Stars report losing weight quickly and effortlessly with the help of dedicated personal trainers and private chefs. Weight loss shows like the "Biggest Loser" make it seem like you can drop dozens of pounds per week, with 24-hour dedication to their goal. Real people can and do lose weight, but it takes time and effort.
Weight Loss Basics
In order to lose weight you, or anyone who loses weight successfully, must create a calorie deficit, or burns more calories than you consume. This deficit comes about by decreasing calories, increasing activity or by combining these two efforts. A pound is equal to 3,500 calories, so making your calorie deficit equal to 500 to 1,000 calories per day will result in a weight loss of between 1 and 2 lbs. per week---the safest and most manageable rate for most people, reports the Centers for Disease Control and Prevention.
Considerations
Set a realistic goal for yourself---start modestly with just five or 10 percent of your total weight as even small amounts can help improve your health reports the National Institutes of Health. You can technically lose weight by just dieting or just exercising alone, but using the two strategies in combination increases the rate of weight loss and your chance of success. Eighty-nine percent of the members of the National Weight Control Registry, a group of over 5,000 "regular" people who have successfully lost and maintained a weight loss averaging 66 lbs., lost weight by combining exercise and diet, while only 10 percent succeeded using diet alone and 1 percent with diet alone, notes the American Council on Exercise.
As you successfully lose weight, remember to revisit your daily calorie intake needs. Smaller bodies require fewer calories daily. To continue along to your goal, you will have to readjust your calorie intake every 10 lbs. or so says Joanne Larson on Ask the Dietitian.
Diet Strategies
Begin by eating smaller portion sizes and making healthy swaps like choosing low-fat dairy over full-fat, baked or grilled proteins over fried versions and water over soda. If these changes are new to you, you will probably lose weight quickly. As you progress in your plan, you will have to make additional changes such as including more fruits and vegetables to add volume without a lot of calories. Eat breakfast daily; 78 percent of members of the National Weight Control Registry used this strategy to help yield weight loss success. Avoiding saturated fat, trans fat, added sugar and refined grains also helps you control calories and leaves room in your budget for more nourishing and satisfying foods.
Exercise Recommendations
The American College of Sports Medicine recommends people seeking to lose weight fit in an hour or more of moderate intensity exercise daily. While this may seem like an overwhelming amount, it still leaves 23 other hours for your job, family and social obligations. Start modestly, with just 20 minutes per day and gradually add 10 percent more per week until you are able to sustain and fit in your goal amount. You can successfully split your sessions up over the course of a day as well---do 20 minutes in the morning, 20 at lunch and 20 in the evening for example.
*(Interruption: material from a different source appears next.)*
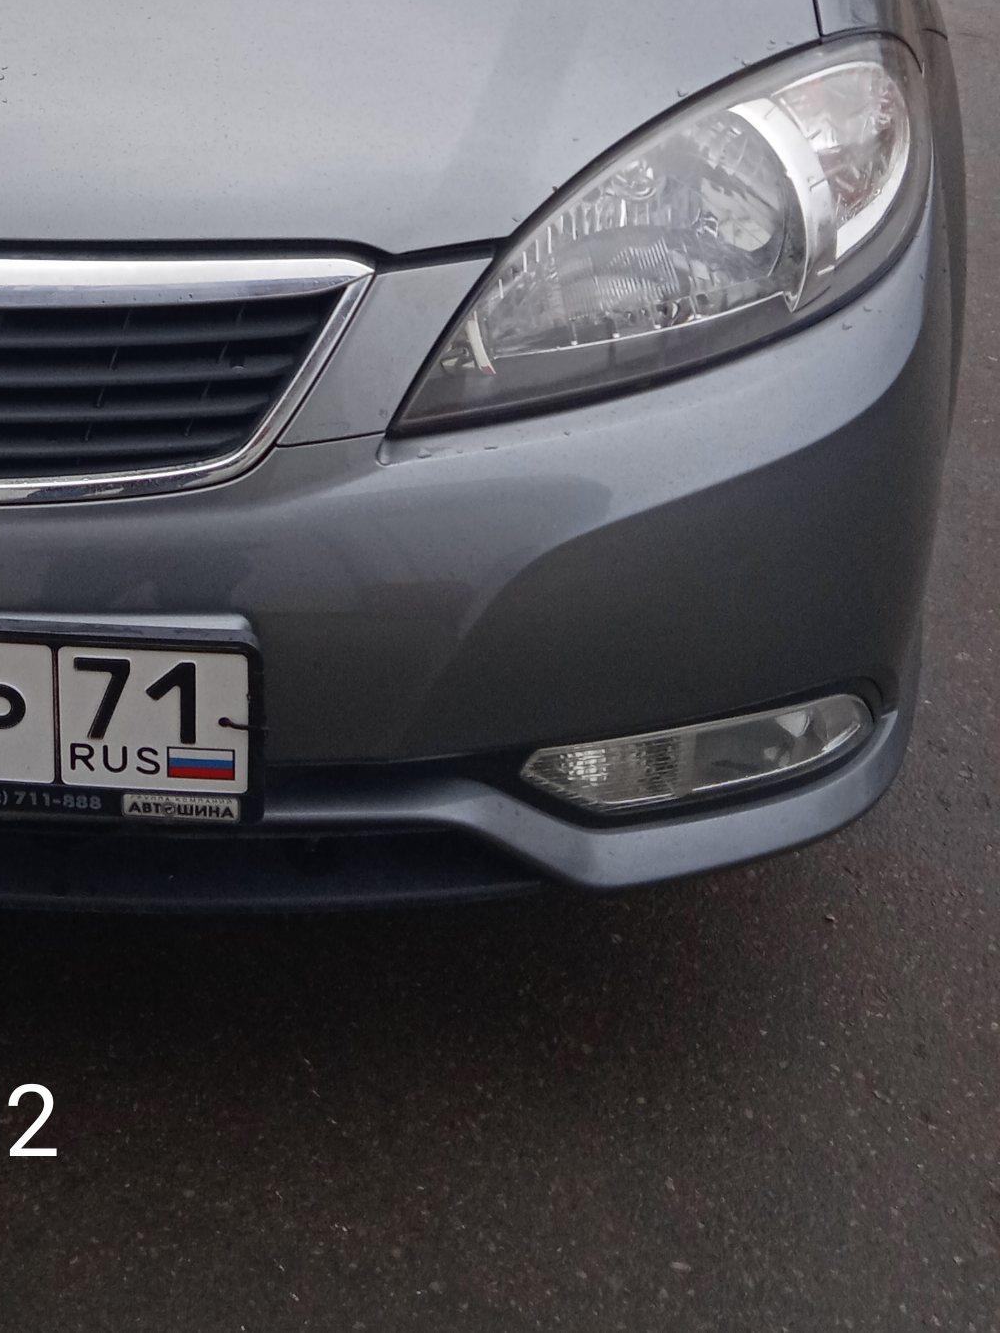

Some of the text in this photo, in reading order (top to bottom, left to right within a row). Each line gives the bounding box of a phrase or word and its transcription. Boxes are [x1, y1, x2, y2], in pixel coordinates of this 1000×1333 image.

[73, 657, 199, 744] 71
[69, 742, 161, 776] RUS
[14, 790, 102, 810] 711-888
The types of exercise recommended will increase your heart rate and cause you to break a sweat--a brisk walk, jogging, cycling, dancing or swimming, for example. Up your daily activity in addition to formal exercise to help you burn more calories throughout your day. Remember, any increase in calorie burn helps you get closer to your goal. Opt for active pursuits over watching television, play catch with your kids, walk your dog, take the stairs instead of the escalator, pace while on the phone, clean your own house and mow the lawn.
Caution
Your body needs a minimum of 1,200 calories per day as a woman or 1,500 as a man reports the National Institutes of Health site Medline Plus. This ensures you are receiving proper nutrition and prevents extreme hunger that can lead to binging and diet attrition. Eating a minimum number of calories also provides you with the energy necessary to perform daily activities and exercise. If you go too low, your metabolism can slow down and conserve calories, halting weight loss, warns MayoClinic.com.